• Nissan South Africa celebrates several women who gave their all during Covid-19.
• The women head up several sectors within the Japanese automaker' local arm.
• This celebration of women is in light on International Women's Day.
• For more motoring stories, go to www.Wheels24.co.za
We are all trying to forget 2020. But for so many women making their way through the Covid-19 pandemic, 2020 was the year of challenge, the year of fighting against gender inequality, and the year of overcoming all the obstacles in their path. In a world where women's achievements are so often underplayed, there is nothing more important than choosing to challenge.

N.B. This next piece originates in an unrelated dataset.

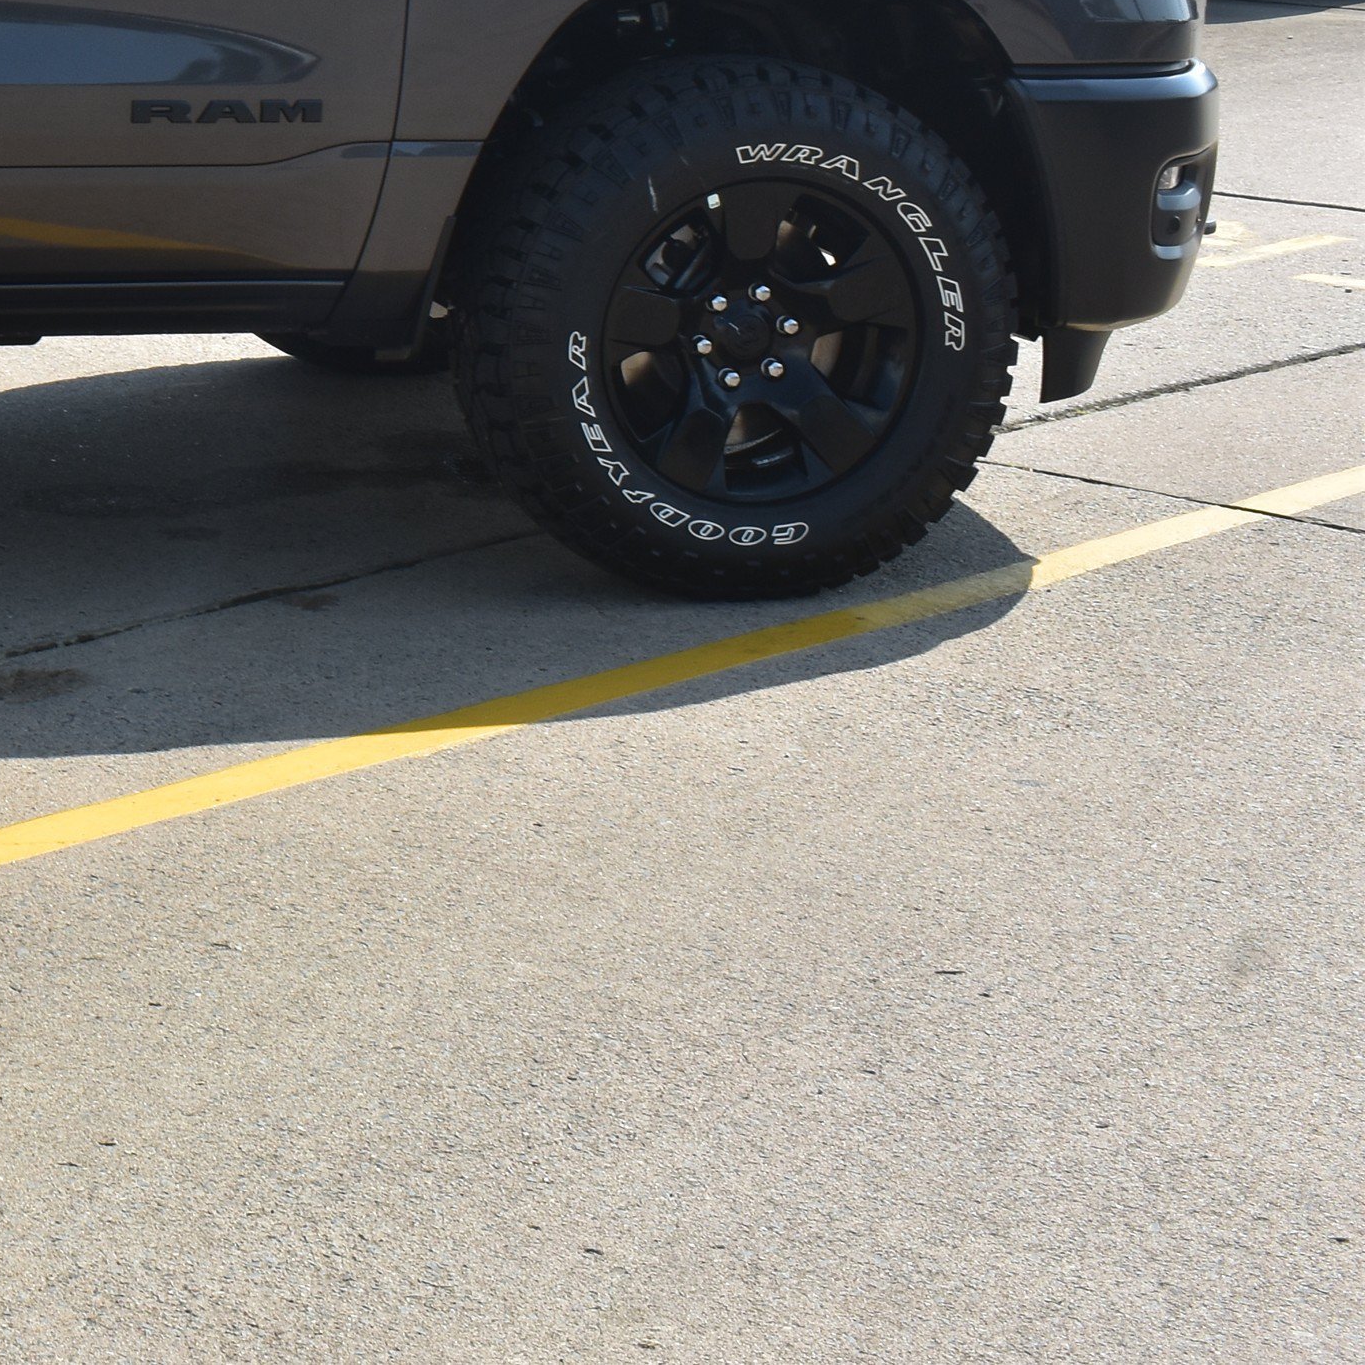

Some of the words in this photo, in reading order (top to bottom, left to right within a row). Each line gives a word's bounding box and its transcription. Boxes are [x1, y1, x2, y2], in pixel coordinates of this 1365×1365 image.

This International Women's Day (IWD) on 8 March, Nissan South Africa (NSA) believes that the IWD's central theme of choosing to challenge gender inequality at all levels has never been more important. By challenging society, industry, and themselves, Nissan believes it can choose to create a more inclusive world, create more awareness of women's issues - and their achievements - and limit the bias women face every day.
The automotive industry is changing, and NSA says its women employees - their 'Women of Steel' - have shown just how integral they are to growing and improving the sector.
Women speaking out
Senior manager, Chantelle Mashego, has spent more than a decade between NSA and Nissan Spain. And with her engineering background, she has ascended the ranks and is now a vital part of delivering the new, SA-built Navara.
Mashego said: "I've worked at so many levels of the business, from being a contracted engineer to my roles in vehicle quality, and now management. I believe that all women need to realise that they have the power to rise to the top, and we need to make room for them there. I'll be honest that Covid-19 and its implications have challenged us, but our South African perseverance and 'can-do spirit' continues to win the day. Every day, I'm encouraged by my team members who show up for work ready to give it their all."
Melicia Bala, NSA's human resources lead, has made it her mission to ensure that the achievements of young women entering the industry are recognised and rewarded.
Bala said: "We have always done our utmost to be the employer of choice for young women, and we want to attract the best talent and allow them to flourish. Through intensive training programs, like our Automotive Industry Development Centre, we want to make sure that they can develop their skills and compete with the very best. Because with enough support, we can help young people - young women - grow, even through a global pandemic."
Chief marketing manager for light commercial vehicles and Sporty Utility Vehicles at NSA, Liz Gorbunov, has said she believes the only way to change perceptions around women in the industry is to empower young women and provide them with real mentorship.
She said: "When a person rises to the level of executive, you have to realise that this comes with responsibility. We have to work with the young women in our industry to help them see the pitfalls and avoid them. We want them to feel like they can speak up and choose to challenge mistreatment. By making this the norm, we make it even easier for the next generation of young women."
Lizette Crause, NSA general manager of customer quality and dealer network development, has seen how the Covid-19 pandemic has affected her colleagues and NSA's networks.
Crause said: "This was an incredibly difficult year for our business, but what has been inspiring is seeing my colleagues really balance their work lives and their home lives so well. For some of them, particularly the women, this has been a delicate balancing act that I hope we won't have to repeat in 2021."
Nissan South Africa says it encourages its employees to continue challenging the pre-conceived notions about women in the industry, and hopes that it can continue to support them as they #ChooseToChallenge.